Temporal speckle-averaging of optical coherence tomography volumes for in-vivo cellular resolution neuronal and vascular retinal imaging.

It has been recently demonstrated that structures corresponding to the cell bodies of highly transparent cells in the retinal ganglion cell layer could be visualized noninvasively in the living human eye by optical coherence tomography (OCT) via temporal averaging. Inspired by this development, we explored the application of volumetric temporal averaging in mice, which are important models for studying human retinal diseases and therapeutic interventions. A general framework of temporal speckle-averaging (TSA) of OCT and optical coherence tomography angiography (OCTA) is presented and applied to mouse retinal volumetric data.
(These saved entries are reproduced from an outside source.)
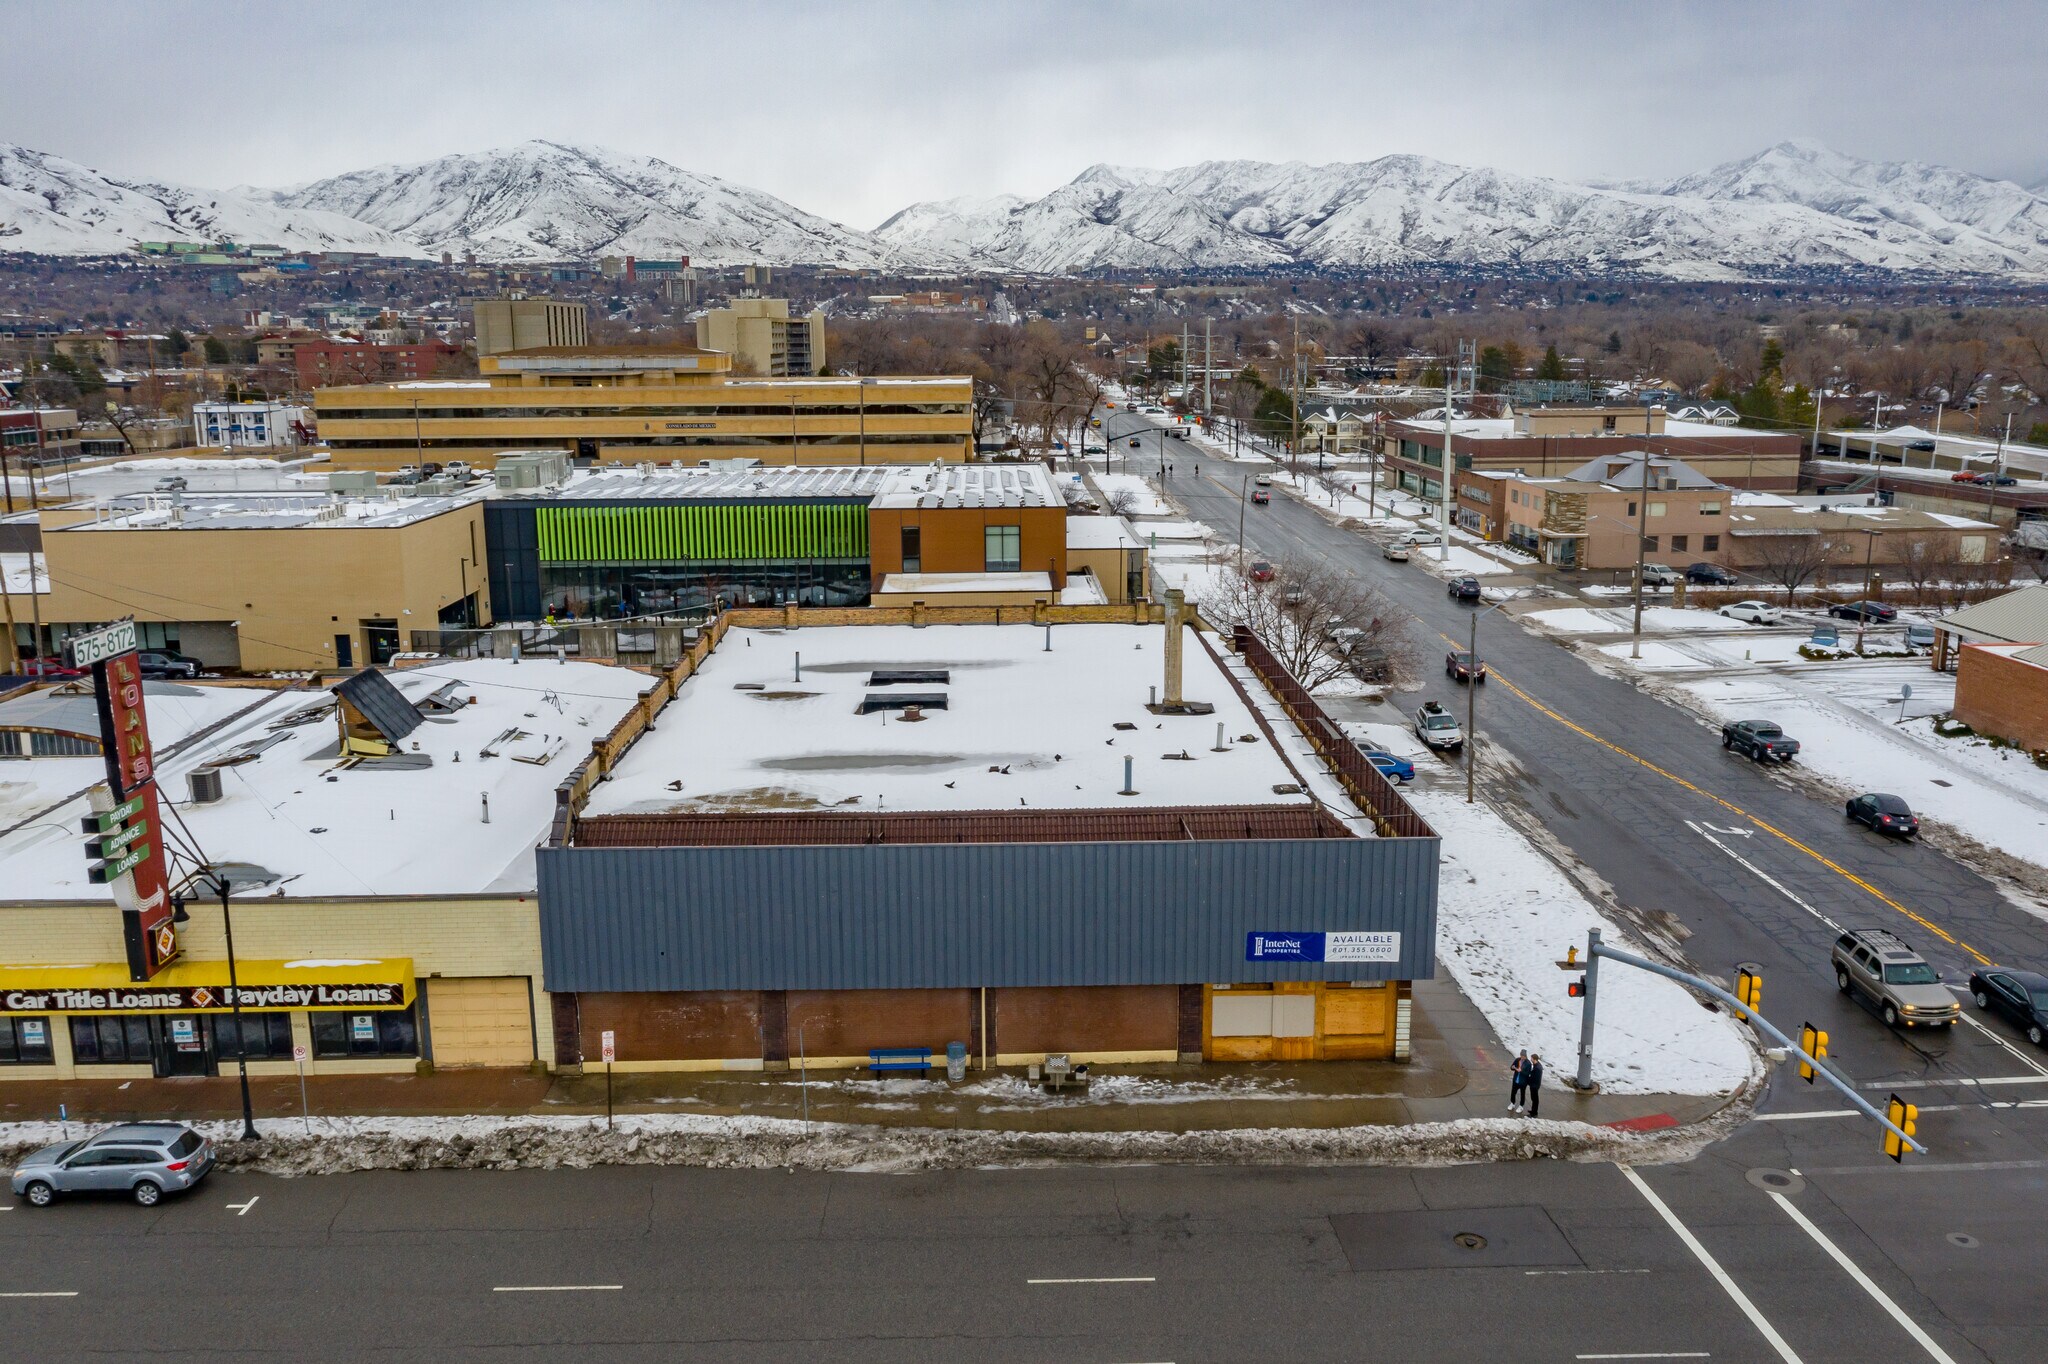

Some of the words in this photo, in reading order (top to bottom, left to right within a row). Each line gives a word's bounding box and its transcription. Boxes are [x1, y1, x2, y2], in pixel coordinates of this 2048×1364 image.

[76, 625, 135, 664] 575-8172
[115, 660, 150, 781] LOANS
[109, 803, 133, 824] PAYDAY
[110, 825, 140, 851] ADVANCE
[117, 852, 139, 873] LOANS
[1265, 940, 1300, 948] InterNet
[1333, 935, 1392, 943] AVAILABLE
[6, 992, 49, 1010] Car
[52, 990, 106, 1009] Title
[109, 991, 182, 1009] Loans
[224, 986, 314, 1007] Payday
[318, 986, 392, 1003] Loans
Based on the image analysis, the eyes of mice under anesthesia exhibit only minor motions, corresponding to lateral displacements of a few micrometers and rotations of a fraction of 1 deg. Moreover, due to reduced eye movements under anesthesia, there is a negligible amount of motion artifacts within the volumes that need to be corrected to achieve volume coregistration. In addition, the relatively good optical quality of the mouse ocular media allows for cellular-resolution imaging without adaptive optics (AO), greatly simplifying the experimental system, making the proposed framework feasible for large studies. The TSA OCT and TSA OCTA results provide rich information about new structures previously not visualized in living mice with non-AO-OCT. The mechanism of TSA relies on improving signal-to-noise ratio as well as efficient suppression of speckle contrast due to temporal decorrelation of the speckle patterns, enabling full utilization of the high volumetric resolution offered by OCT and OCTA.